You can see that you have set the background for the thumbnail titles to a deep gray-blue and the font color to a lighter blue. Nice.

Continue styling the thumbnail titles: Return to styles.css and add to your existing styling rule for the .thumbnail-title class, as shown:

.thumbnail-title {
  display: block;
  margin: 0;
  padding: 4px 10px;

  background: rgb(96, 125, 139);
  color: rgb(202, 238, 255);
}

The three declarations you have added all affect an element’s box. For every HTML tag that has a visual representation, the browser draws a rectangle to the page. The browser uses a scheme called the standard box model (or just “box model”) to determine the dimensions of that rectangle.

The box model

To understand the box model, you are going to look at its representation in the DevTools. Save styles.css, switch to Chrome, and make sure the DevTools are open (Figure 3.6).
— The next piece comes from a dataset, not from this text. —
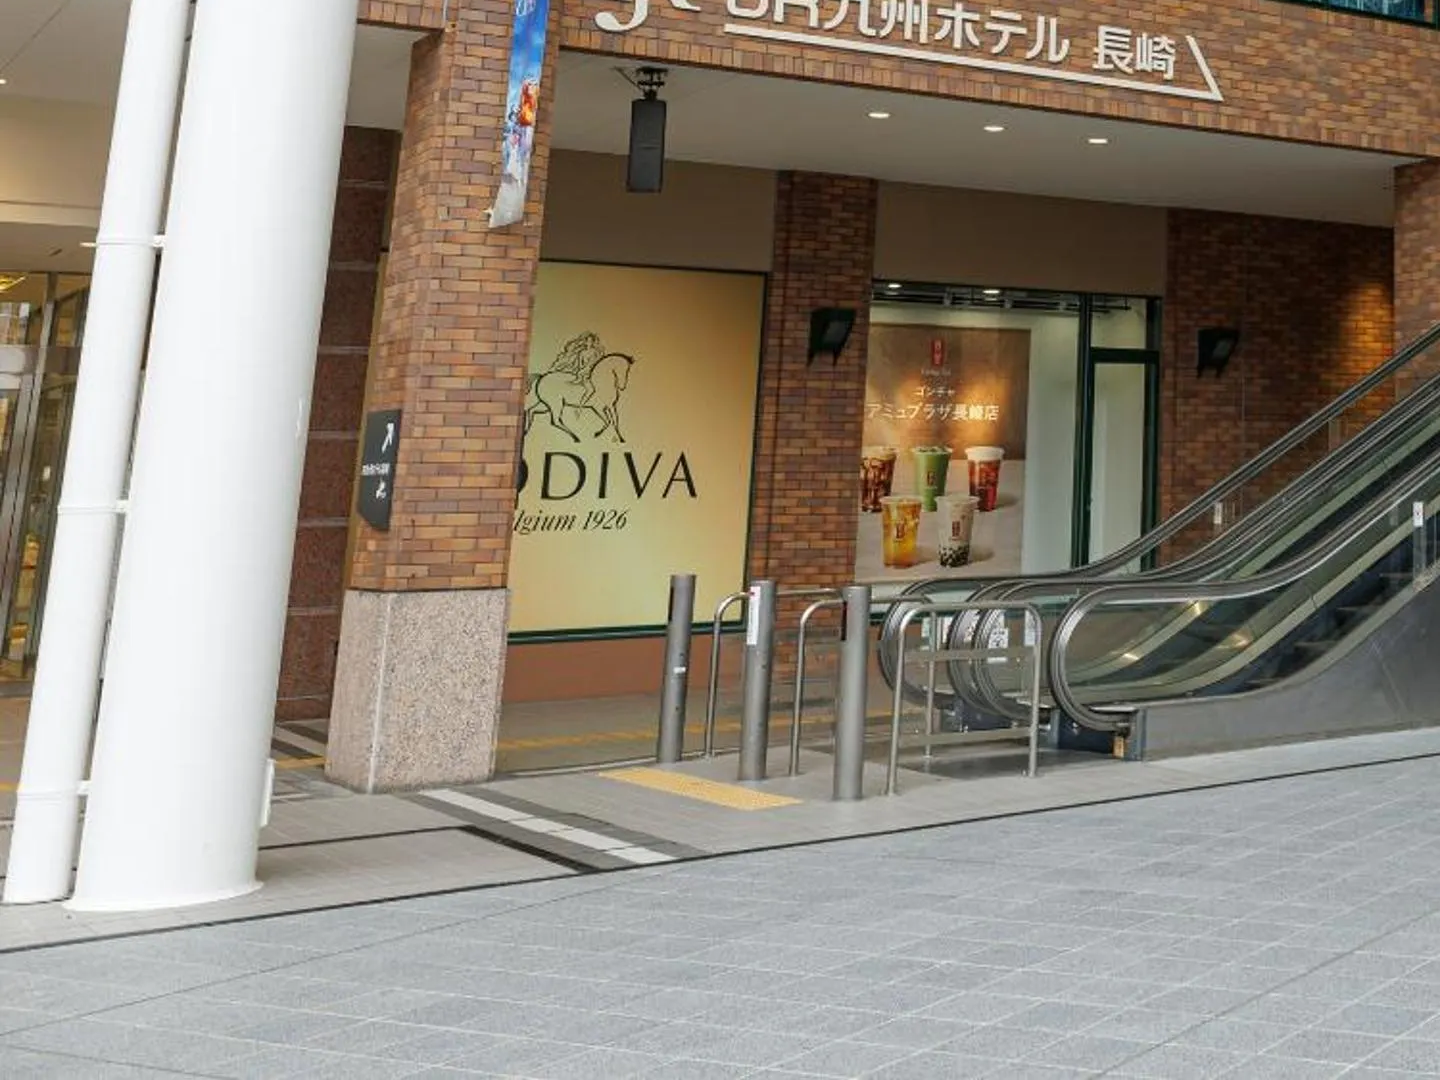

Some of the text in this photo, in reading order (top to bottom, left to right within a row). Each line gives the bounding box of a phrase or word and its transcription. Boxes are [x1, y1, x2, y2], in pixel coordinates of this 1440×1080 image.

[1092, 24, 1176, 81] 長崎
[518, 451, 698, 501] DIVA
[582, 508, 630, 531] 1926
Figure 3.6  Exploring the box model

Exploring the box model

Click the Exploring the box model button in the upper-left of the elements panel. This is the Inspect Element button. Now move your cursor over the word ottergram on the web page. As you hover over the word, the DevTools surrounds the heading with a blue- and peach-colored rectangle (Figure 3.7).

Figure 3.7  Hovering over the heading

Hovering over the heading

Click the word ottergram on the web page. Although you no longer see the multicolored overlay, the element is now selected and the DOM tree view in the elements panel will expand to show and highlight the corresponding <h1> tag.

The rectangular diagram in the lower-right of the elements panel represents the box model for the h1 element. You can see that the regions of the diagram have some of the same colors as the rectangle you saw overlaying the heading when you inspected it (Figure 3.8).

Figure 3.8  Viewing the box model for an element

Viewing the box model for an element

The box model incorporates four aspects of the rectangle drawn for an element (which the DevTools renders in four different colors in the diagram).

content (shown in blue)

the visual content – here, the text

padding (shown in green)

transparent space around the content

border (shown in yellow)

a border, which can be made visible, around the content and padding

margin (shown in peach)

transparent space around the border

The numbers in Figure 3.8 are pixel values; a pixel is a unit corresponding to the smallest rectangular area of a computer screen that can display a single color. In the case of the h1 element, the content area has been allocated an area of 197 pixels by 54 pixels (your values may be different, depending on the size of your browser window). There is padding of 40 pixels on the left side. The border is set at 0, and there is a margin of 16 pixels above and below the element.

Where did that margin value come from? Each browser provides a default stylesheet, called the user agent stylesheet, in case an HTML file does not specify one. Styles that you specify override the defaults. Because you have not specified values for the h1 element’s box, the default styles have been applied.

Now you are ready to understand the styling declarations you added:

.thumbnail-title {
  display: block;
  margin: 0;
  padding: 4px 10px;

  background: rgb(96, 125, 139);
  color: rgb(202, 238, 255);
}

The display: block declaration changes the box for all elements of the class .thumbnail-title so that they occupy the entire width allowed by their containing element. (Notice in Figure 3.6 that the background color for the titles now covers a wider area.) Other display values, such as the display: inline property you will see later, make an element’s width fit to its content.

You also set the margin for the thumbnail titles to 0 and the padding to two different values: 4px and 10px (px is the abbreviation for “pixels”). This sets the padding to specific pixel values, overriding the default size set by the user agent stylesheet.

Padding, margin, and certain other styles can be written as shorthand properties, in which one value is applied to multiple properties. You are taking advantage of this here: When two values are provided for the padding, the first is applied to both vertical values (top and bottom) and the second is applied to both horizontal values (left and right). It is also possible to provide a single value to be applied to all four sides or to specify a separate value for each side.

To sum up, your new declarations say that the box for all elements of the .thumbnail-title class will fill the width of its container with no margin and with padding that is 4 pixels at the top and bottom and 10 pixels at the left and right sides.